Capsules d'histoire - Notables et ancêtres
Vie dramatique du Beloeillois Pierre-Louis LeTourneux
On n’a pas encore retracé de photographie de Pierre-Louis LeTourneux. Voici celle de sa fille Octavie, religieuse et musicienne de talent, décédée d’un cancer en 1879. SHBMSH, fonds Pierre-Lambert. On ne sait pas grand-chose de la vie familiale des Belœillois du siècle dernier, pour la bonne et simple raison que les familles nous ont rarement laisse des documents relatant leur bonheur ou leurs difficultés. Il ne reste plus que les actes notariés pour aider à reconstituer la vie des familles d’autrefois et souvent c’est encore bien maigre. Quand on a la chance de trouver des archives bien conservées (comme celles des communautés religieuses, par exemple), il nous arrive de tomber sur des histoires vraiment singulières. En voici une particulièrement étonnante, celle de l’avocat LeTourneux et de sa famille.

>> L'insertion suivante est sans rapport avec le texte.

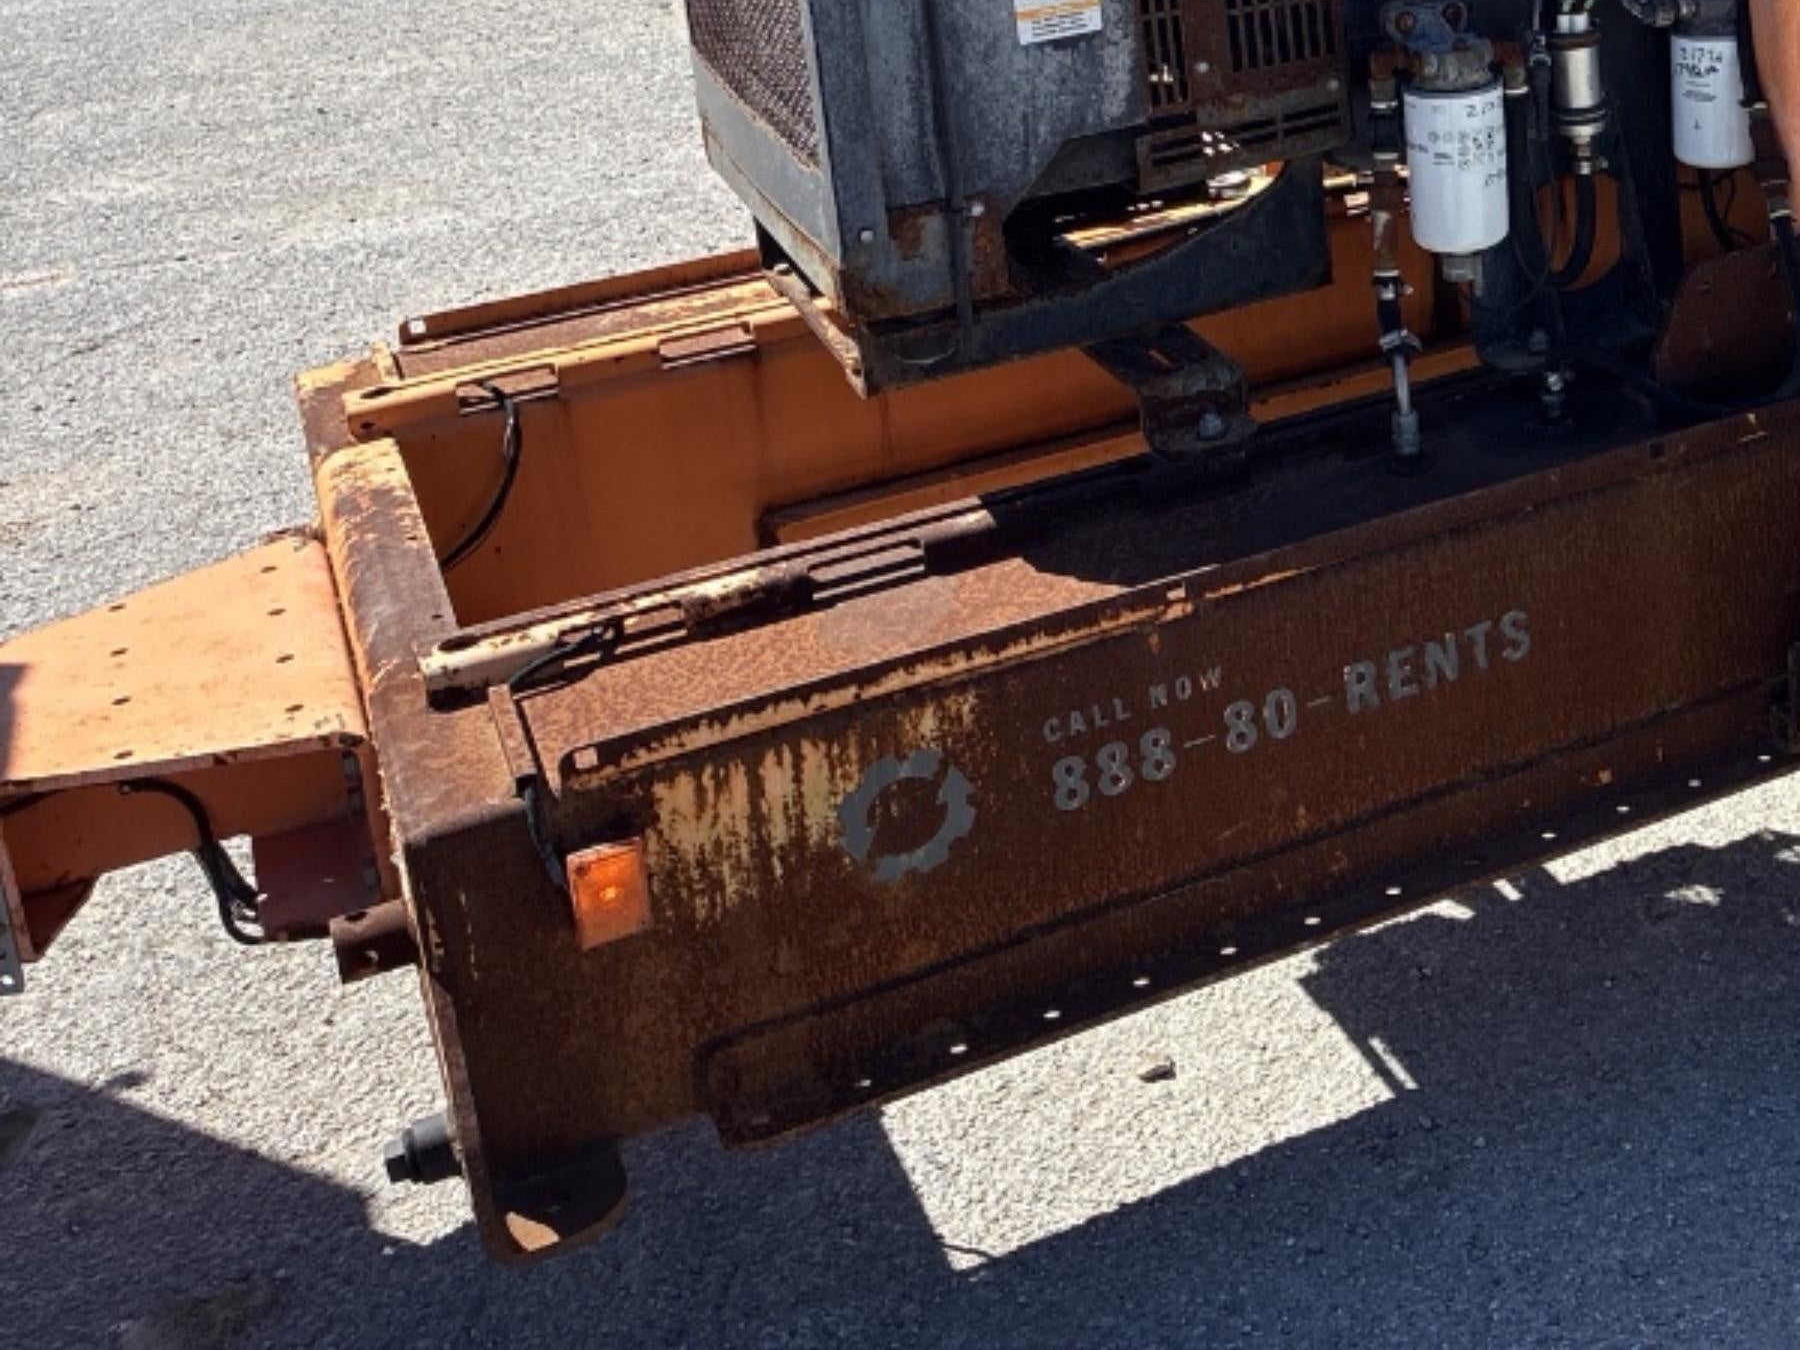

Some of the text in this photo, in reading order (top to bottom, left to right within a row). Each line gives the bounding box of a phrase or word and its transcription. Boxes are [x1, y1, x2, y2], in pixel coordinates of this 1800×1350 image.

[1042, 665, 1224, 744] CALL NOW
[1051, 608, 1533, 812] 888-80-RENTS

Le Montréalais Pierre-Louis LeTourneux arriva à Belœil vers le milieu des années 1830, à une époque où les citadins fortunés commençaient à posséder une maison d’été à proximité de la métropole. La famille venait passer l’été devant le Richelieu et le mont Saint-Hilaire et le père était assez près de Montréal pour aller s’occuper de ses affaires selon ses besoins. Pierre-Louis LeTourneux s’était marié quelques années auparavant à Marguerite Fouquet, de six ans son aînée, qui s’apprêtait à prononcer ses voeux de religieuse. Il avait réussi à la séduire en lui promettant une existence de rêve. Cinq enfants naquirent de leur mariage, trois garçons, Charles, Lucien et Octave, et deux filles, Charlotte et Octavie. Mais la vie vint ravir tous ses enfants à l’avocat, comme pour le condamner d’avoir détourné une femme qui se destinait à Dieu.
Un jour d’avril 1839, LeTourneux se promenait en chaloupe sur le Richelieu avec un jeune invité, le docteur Bernard, et une autre personne qui dirigeait l’embarcation lorsqu’à la suite d’une fausse manoeuvre, la chaloupe chavira. Alors que tout le monde se débattait dans l’eau glacée, LeTourneux, se rendant compte que son fils n’arriverait pas à s’en sortir, l’empoigna par derrière et le tira péniblement jusqu’au rivage alors que les deux autres personnes sombraient dans la rivière. En abordant au rivage, LeTourneux examine celui qu’il a sauvé et se rend compte avec stupeur que ce n’est pas son fils, c’est le docteur Bernard! Il n’avait même pas reconnu son enfant qui se débattait dans l’eau et l’avait laissé se noyer…Au milieu des années 1840, Charlotte, sa fille aînée, fit la connaissance d’un officier britannique dont elle tomba amoureuse. Elle se maria à Belœil en 1844 et quitta le Canada pour l’Angleterre trois ans plus tard. On ne la revit plus.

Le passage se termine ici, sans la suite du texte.